Free-text object descriptions
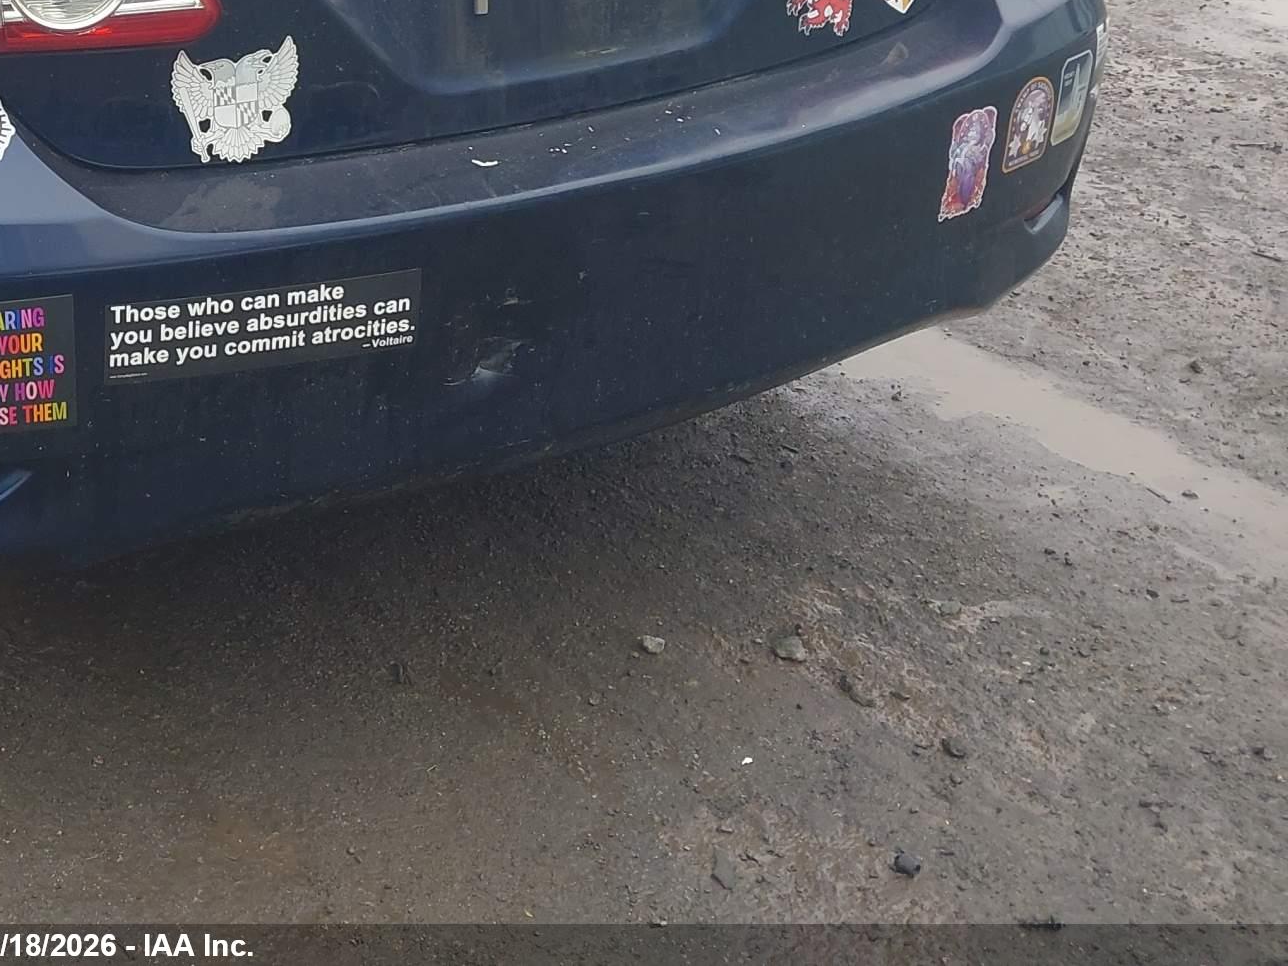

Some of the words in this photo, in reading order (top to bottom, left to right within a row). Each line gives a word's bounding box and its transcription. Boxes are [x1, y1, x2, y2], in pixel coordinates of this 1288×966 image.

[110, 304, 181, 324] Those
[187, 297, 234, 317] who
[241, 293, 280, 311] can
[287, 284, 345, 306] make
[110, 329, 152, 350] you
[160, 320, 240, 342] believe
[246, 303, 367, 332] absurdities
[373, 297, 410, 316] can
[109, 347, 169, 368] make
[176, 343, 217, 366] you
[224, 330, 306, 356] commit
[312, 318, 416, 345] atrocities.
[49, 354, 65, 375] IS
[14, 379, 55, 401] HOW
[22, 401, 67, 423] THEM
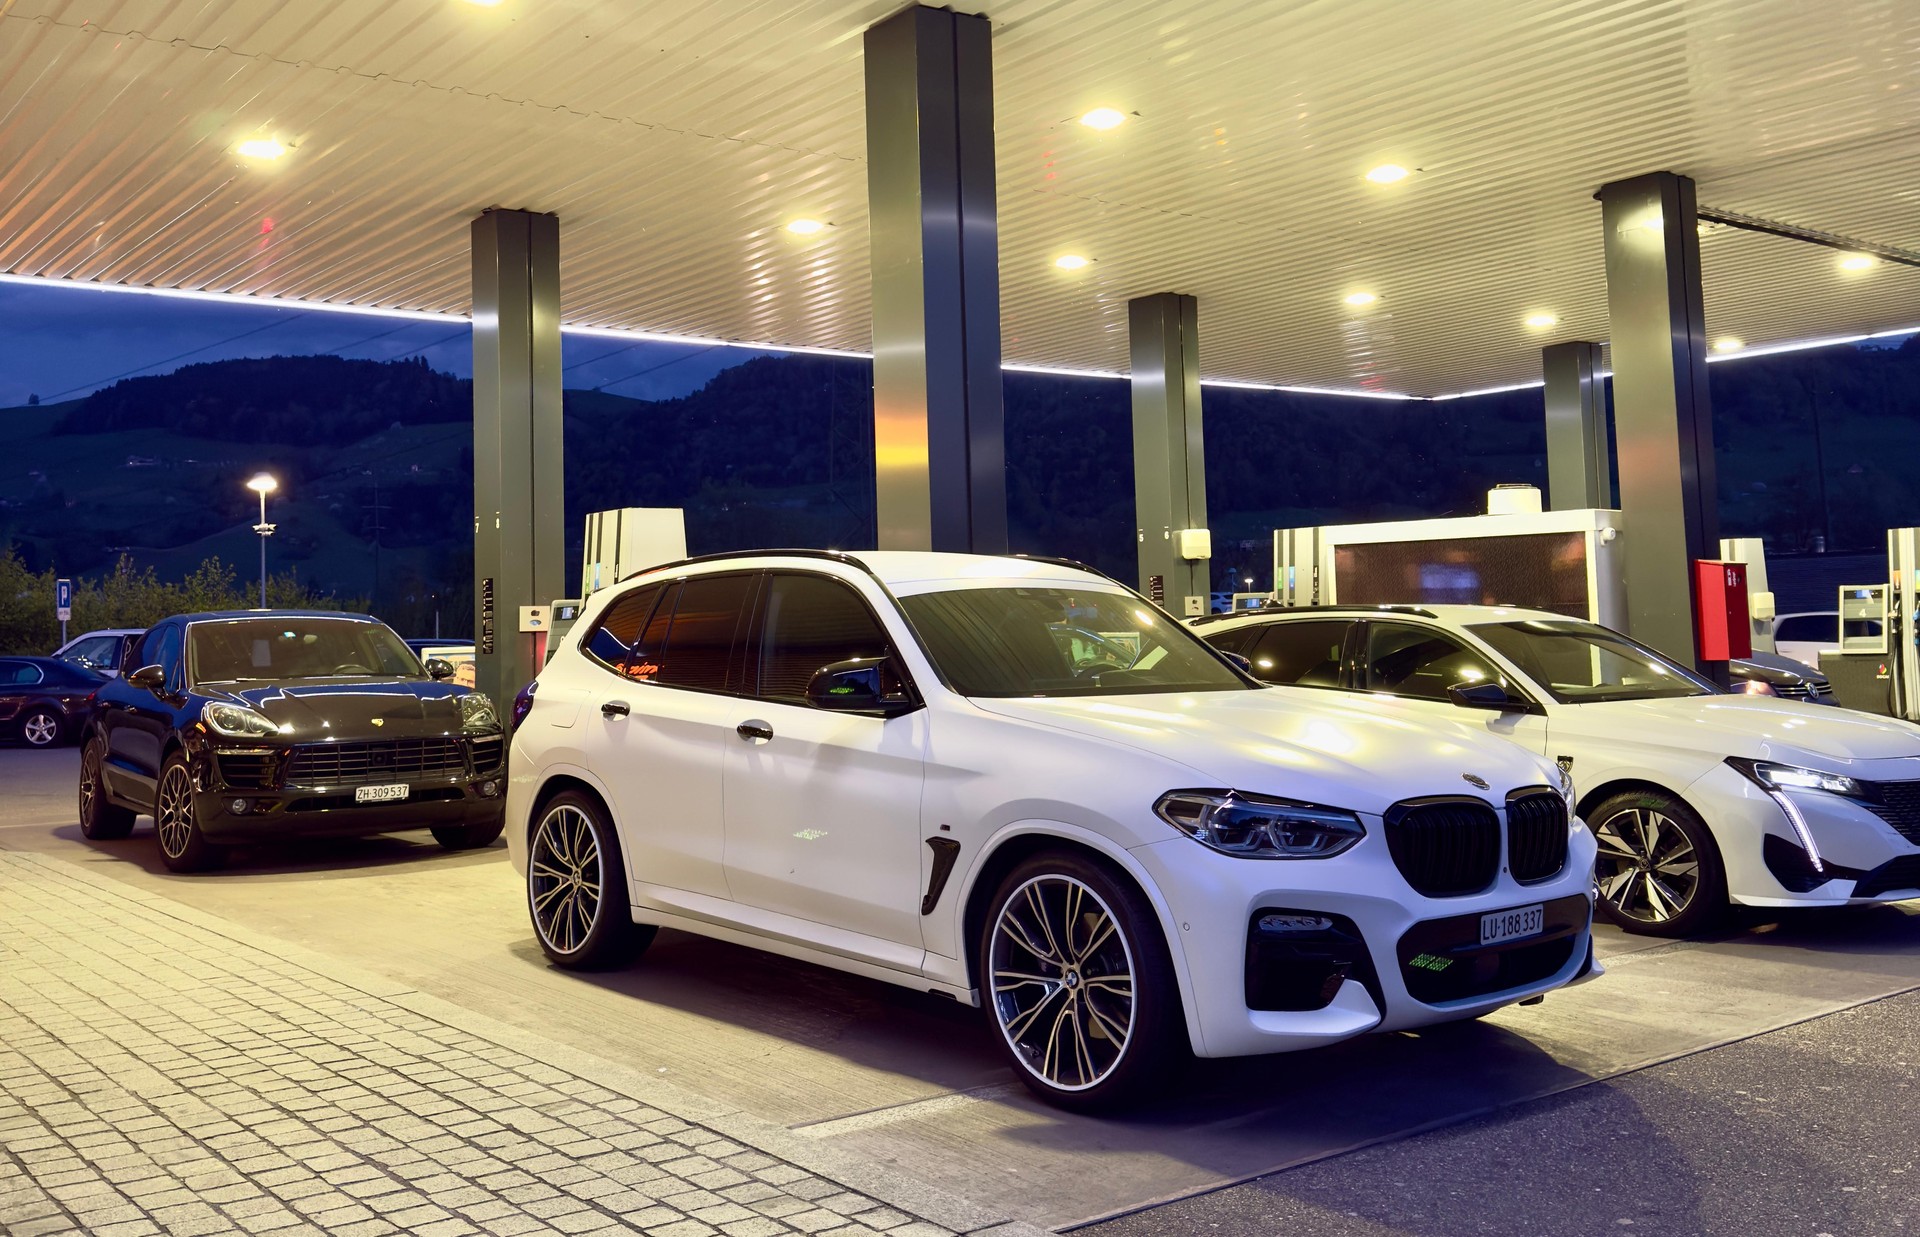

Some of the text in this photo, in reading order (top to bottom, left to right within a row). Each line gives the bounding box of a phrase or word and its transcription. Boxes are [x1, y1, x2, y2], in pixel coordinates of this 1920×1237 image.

[TASK TO COMPLETE] Take the entries above and set them down exactly, minus the pictures.

[RESULT OF THIS EXERCISE]
Some of the words in this photo, in reading order (top to bottom, left to right within a row). Each line gives a word's bounding box and its transcription. Boxes are [x1, y1, x2, y2], in pixel coordinates of this 1288×966 image.

[110, 304, 181, 324] Those
[187, 297, 234, 317] who
[241, 293, 280, 311] can
[287, 284, 345, 306] make
[110, 329, 152, 350] you
[160, 320, 240, 342] believe
[246, 303, 367, 332] absurdities
[373, 297, 410, 316] can
[109, 347, 169, 368] make
[176, 343, 217, 366] you
[224, 330, 306, 356] commit
[312, 318, 416, 345] atrocities.
[49, 354, 65, 375] IS
[14, 379, 55, 401] HOW
[22, 401, 67, 423] THEM

Some of the text in this photo, in reading order (top to bottom, left to right within a row). Each line gives the bounding box of a phrase or word and its transcription. Boxes are [x1, y1, x2, y2], in pixel coordinates of this 1920×1237 image.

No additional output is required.